- **Problem**:
A faithful copy without images is required: write out all the records exactly.

- **Data records**:
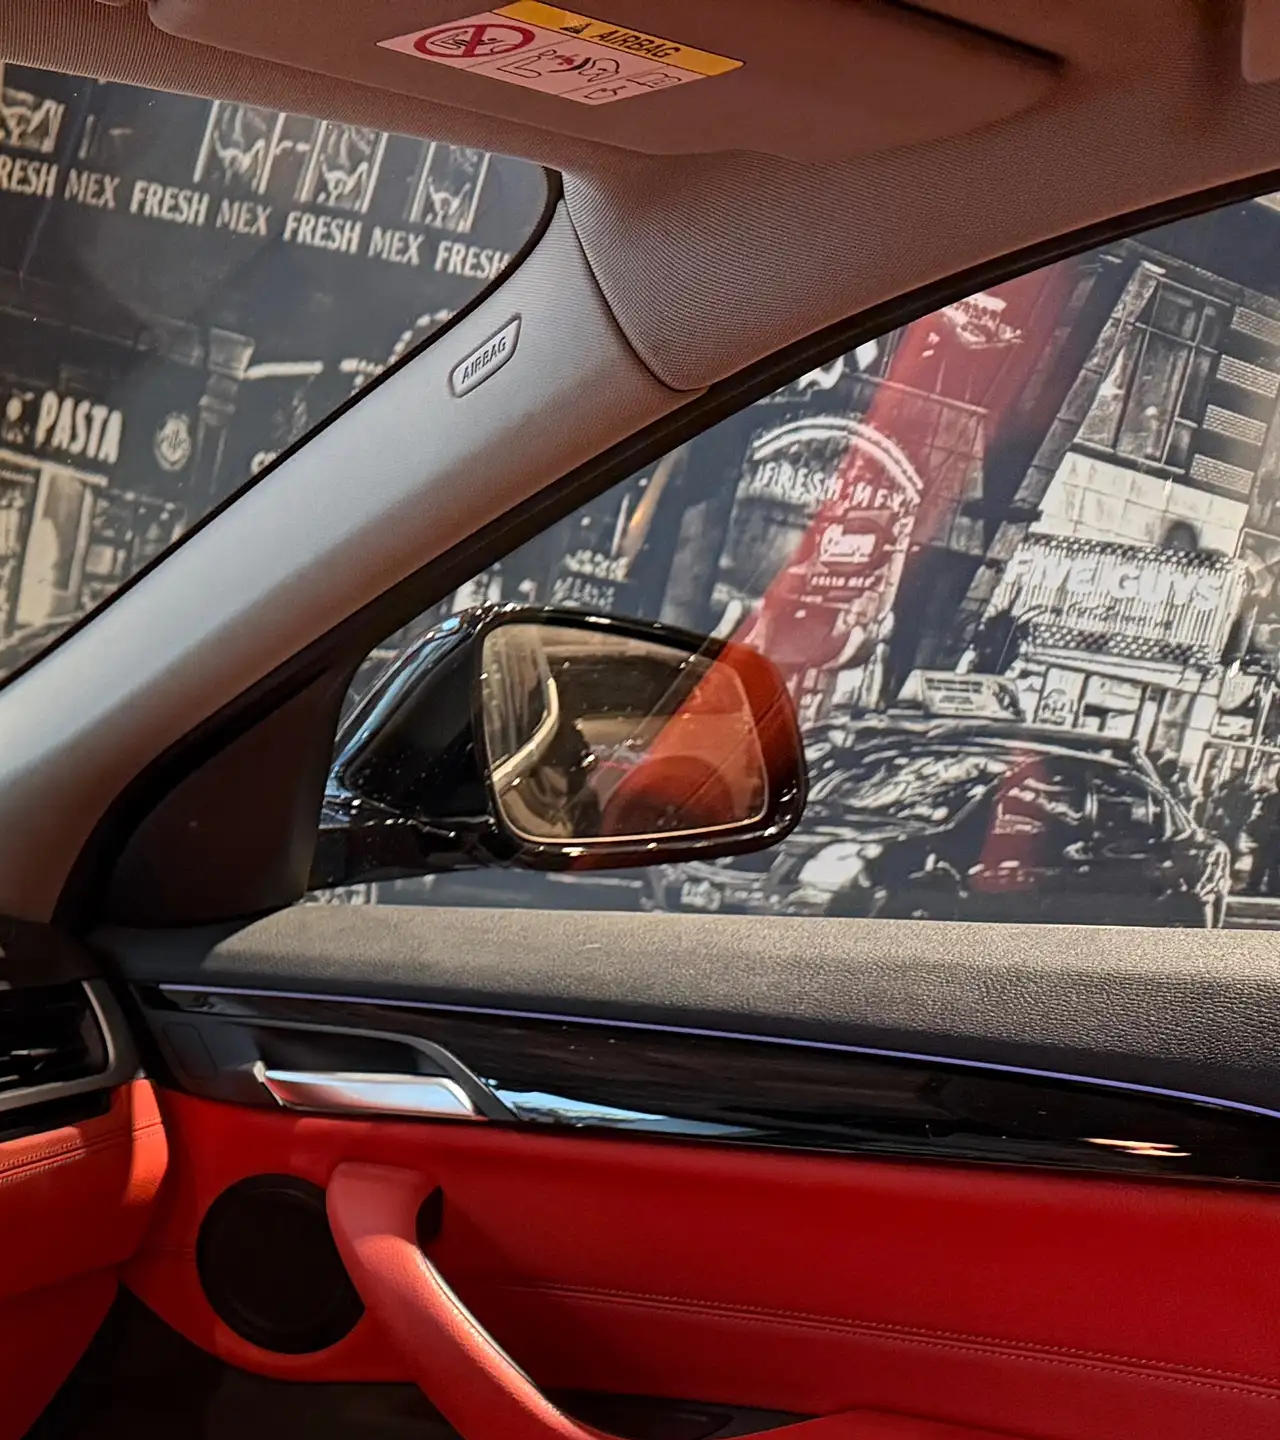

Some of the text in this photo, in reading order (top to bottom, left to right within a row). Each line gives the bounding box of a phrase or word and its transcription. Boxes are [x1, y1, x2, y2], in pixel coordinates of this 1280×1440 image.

[593, 29, 681, 60] AIRBAG
[64, 167, 121, 210] MEX
[129, 179, 210, 227] FRESH
[215, 198, 273, 237] MEX
[283, 210, 363, 254] FRESH
[368, 225, 426, 266] MEX
[460, 335, 507, 385] AIRBAG
[35, 390, 123, 466] PASTA
[1007, 553, 1225, 611] FIVE GUYS
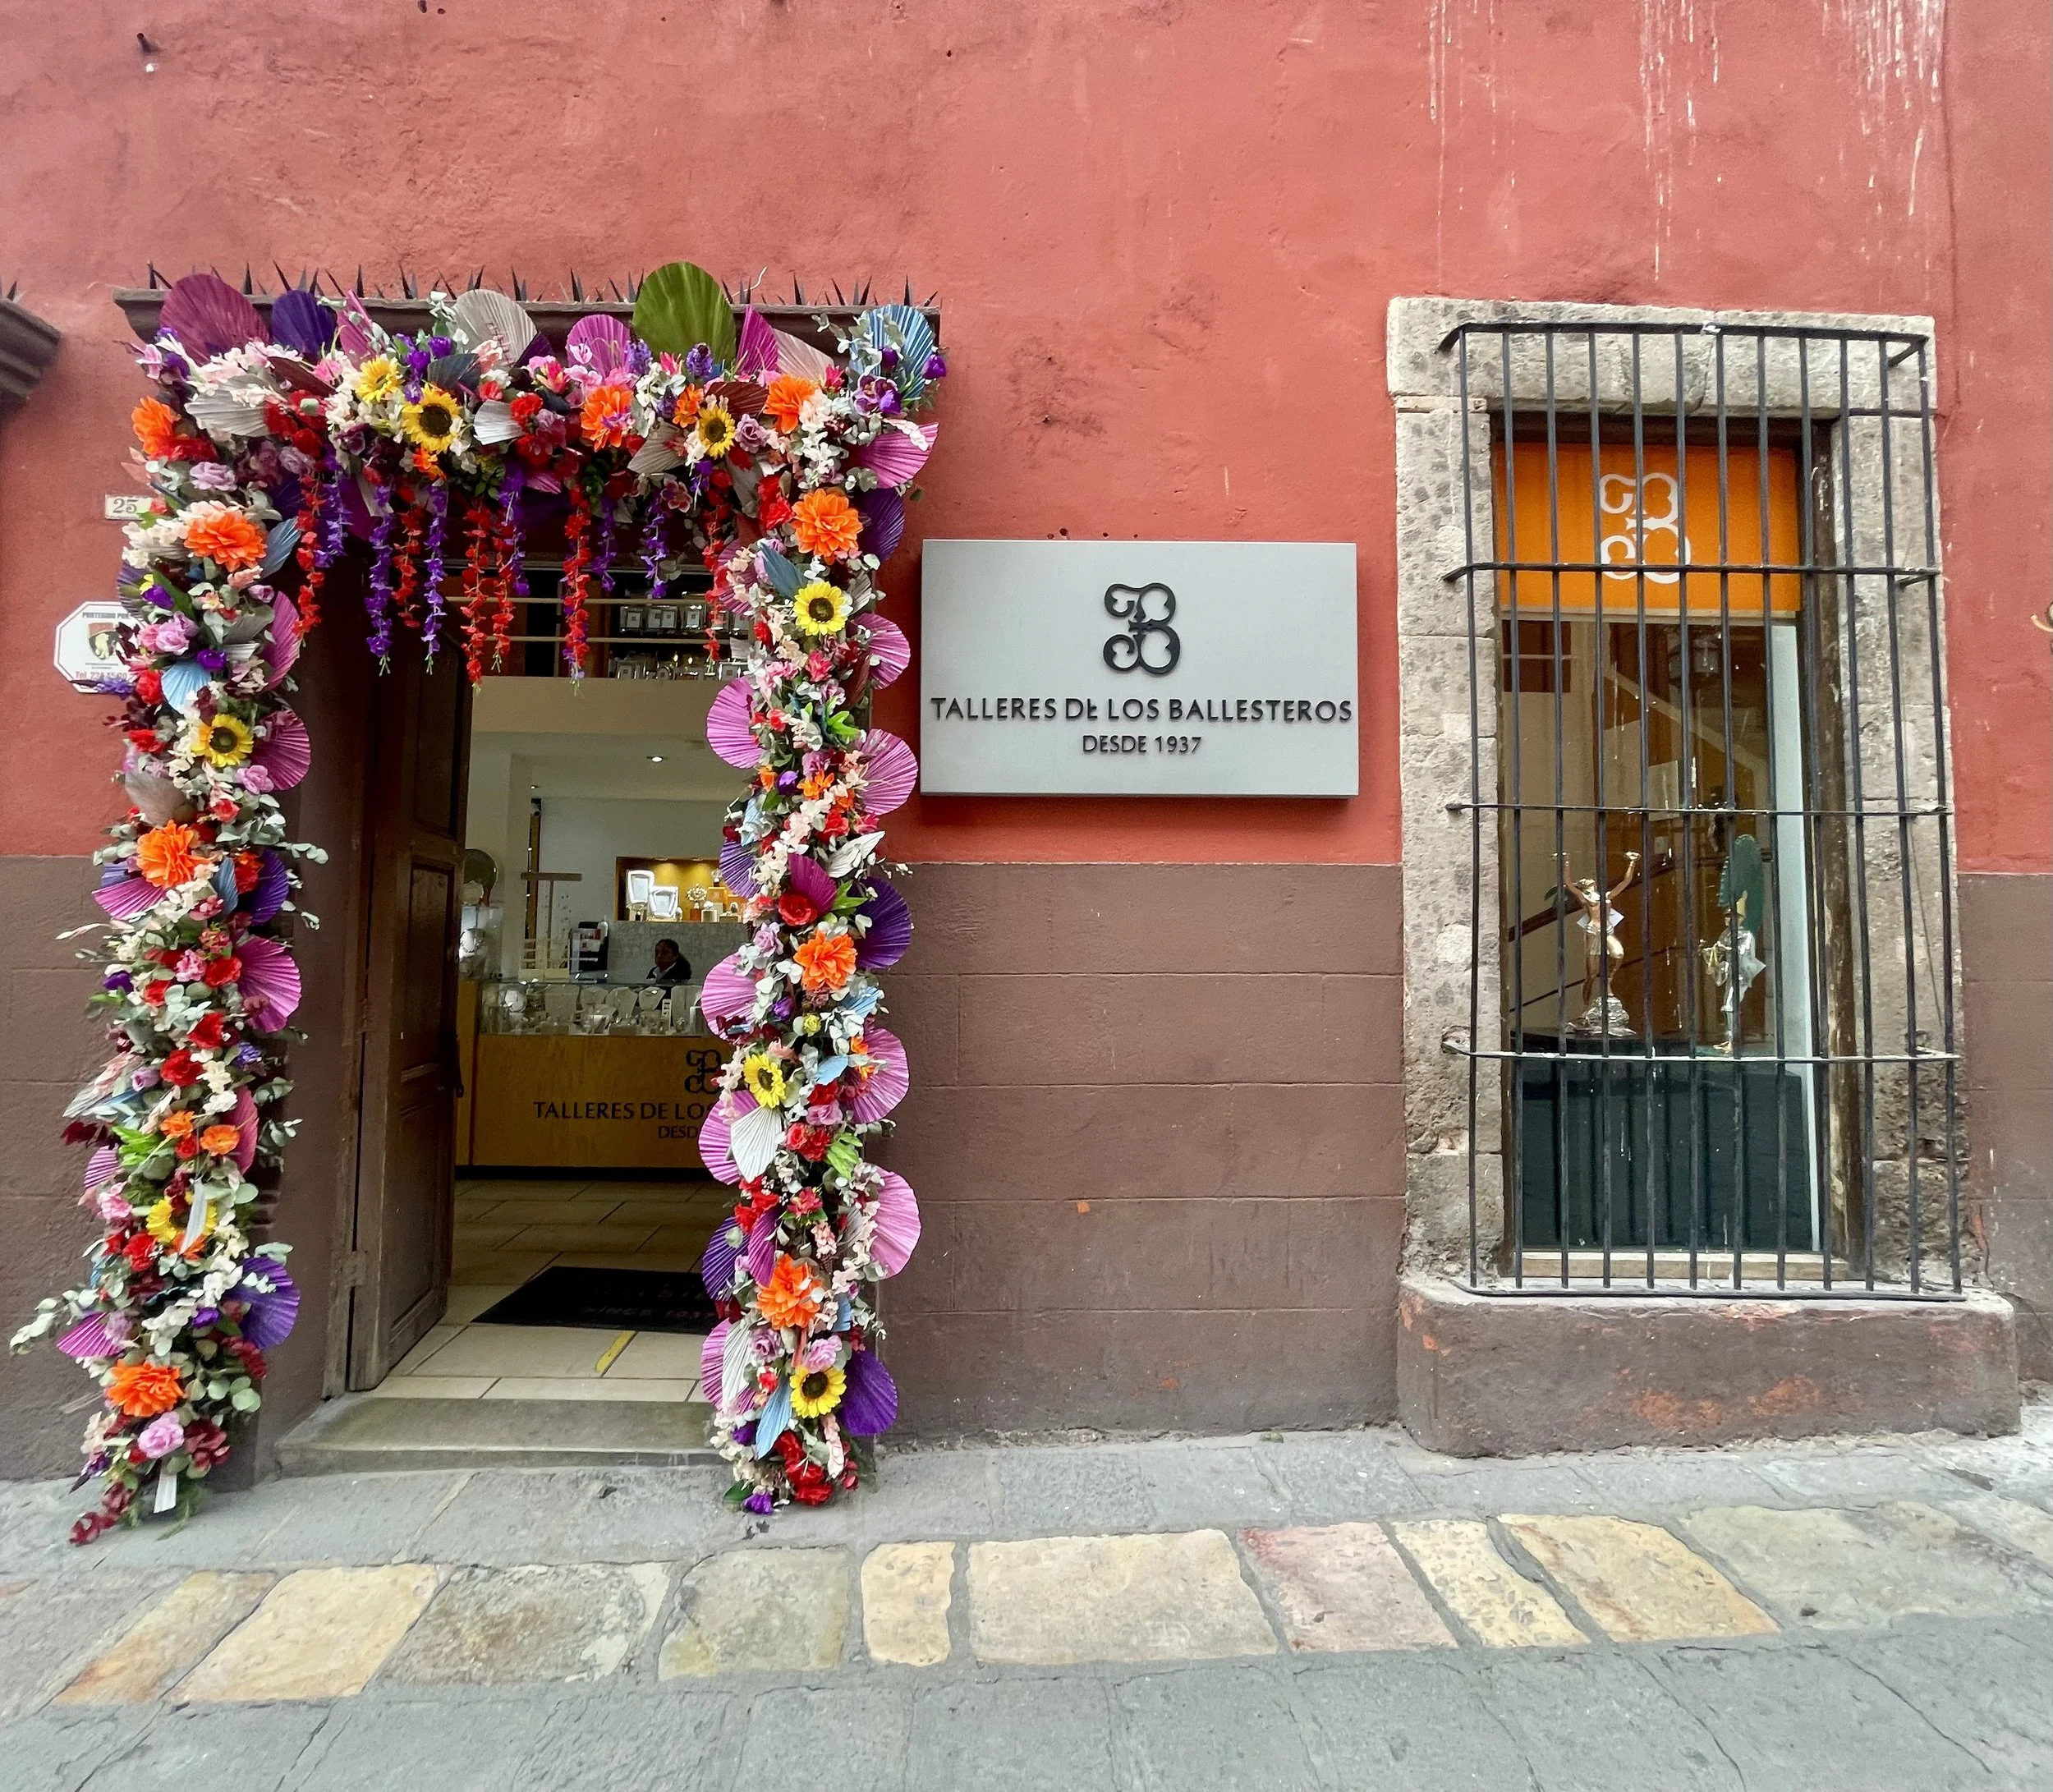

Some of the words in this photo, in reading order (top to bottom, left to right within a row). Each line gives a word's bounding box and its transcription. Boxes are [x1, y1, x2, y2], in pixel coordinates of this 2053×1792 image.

[113, 498, 139, 514] 25
[930, 697, 1057, 720] TALLERES
[1065, 698, 1098, 720] DE
[1108, 698, 1160, 721] LOS
[1169, 699, 1353, 722] BALLESTEROS
[1082, 735, 1147, 753] DESDE
[1155, 736, 1202, 753] 1937
[533, 1101, 636, 1119] TALLERES
[641, 1102, 668, 1120] DE
[658, 1125, 698, 1138] DESD
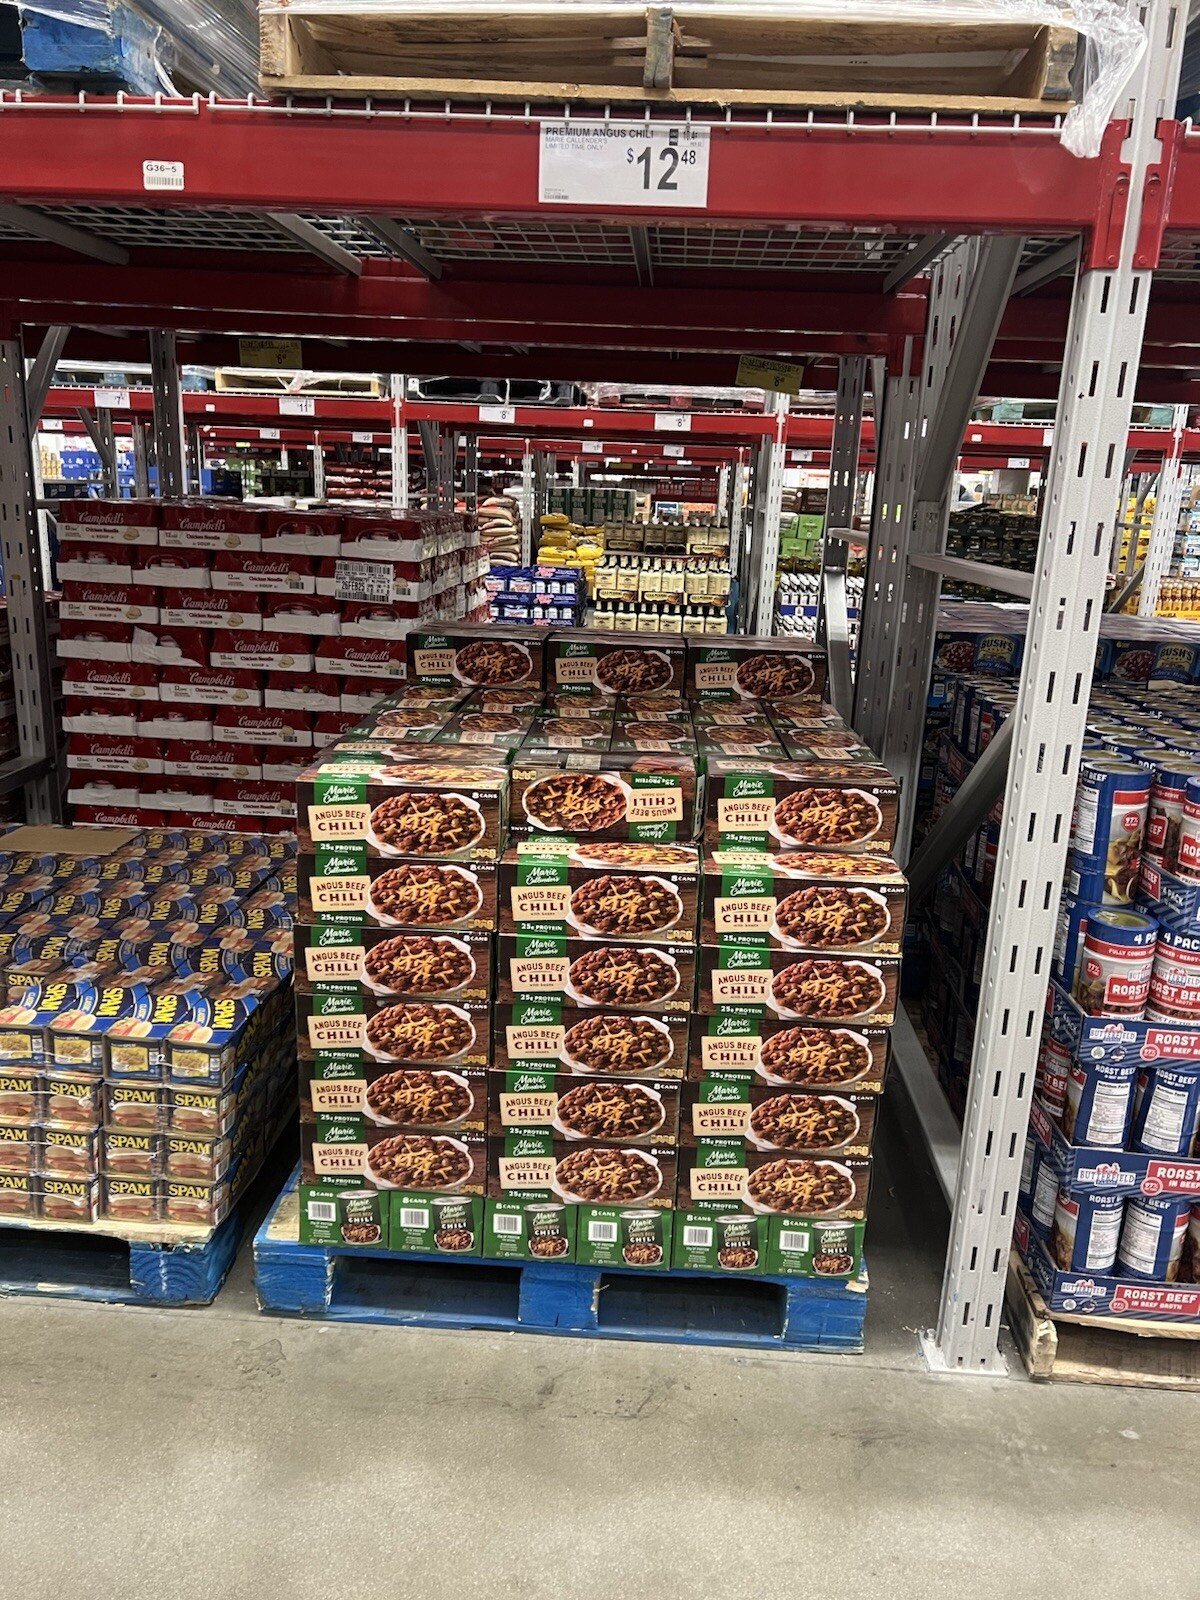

- **Output**:
Some of the text in this photo, in reading order (top to bottom, left to right within a row). Each line gives the bounding box of a phrase or word and its transcription. Boxes are [x1, y1, x2, y2], in pixel coordinates of this 1280×1440 image.

[593, 29, 681, 60] AIRBAG
[64, 167, 121, 210] MEX
[129, 179, 210, 227] FRESH
[215, 198, 273, 237] MEX
[283, 210, 363, 254] FRESH
[368, 225, 426, 266] MEX
[460, 335, 507, 385] AIRBAG
[35, 390, 123, 466] PASTA
[1007, 553, 1225, 611] FIVE GUYS

Some of the words in this photo, in reading order (top to bottom, left to right within a row). Each line gives a word's bounding box and its transcription. Boxes are [x1, y1, x2, y2], in pixel coordinates of this 2053×1792 image.

[113, 498, 139, 514] 25
[930, 697, 1057, 720] TALLERES
[1065, 698, 1098, 720] DE
[1108, 698, 1160, 721] LOS
[1169, 699, 1353, 722] BALLESTEROS
[1082, 735, 1147, 753] DESDE
[1155, 736, 1202, 753] 1937
[533, 1101, 636, 1119] TALLERES
[641, 1102, 668, 1120] DE
[658, 1125, 698, 1138] DESD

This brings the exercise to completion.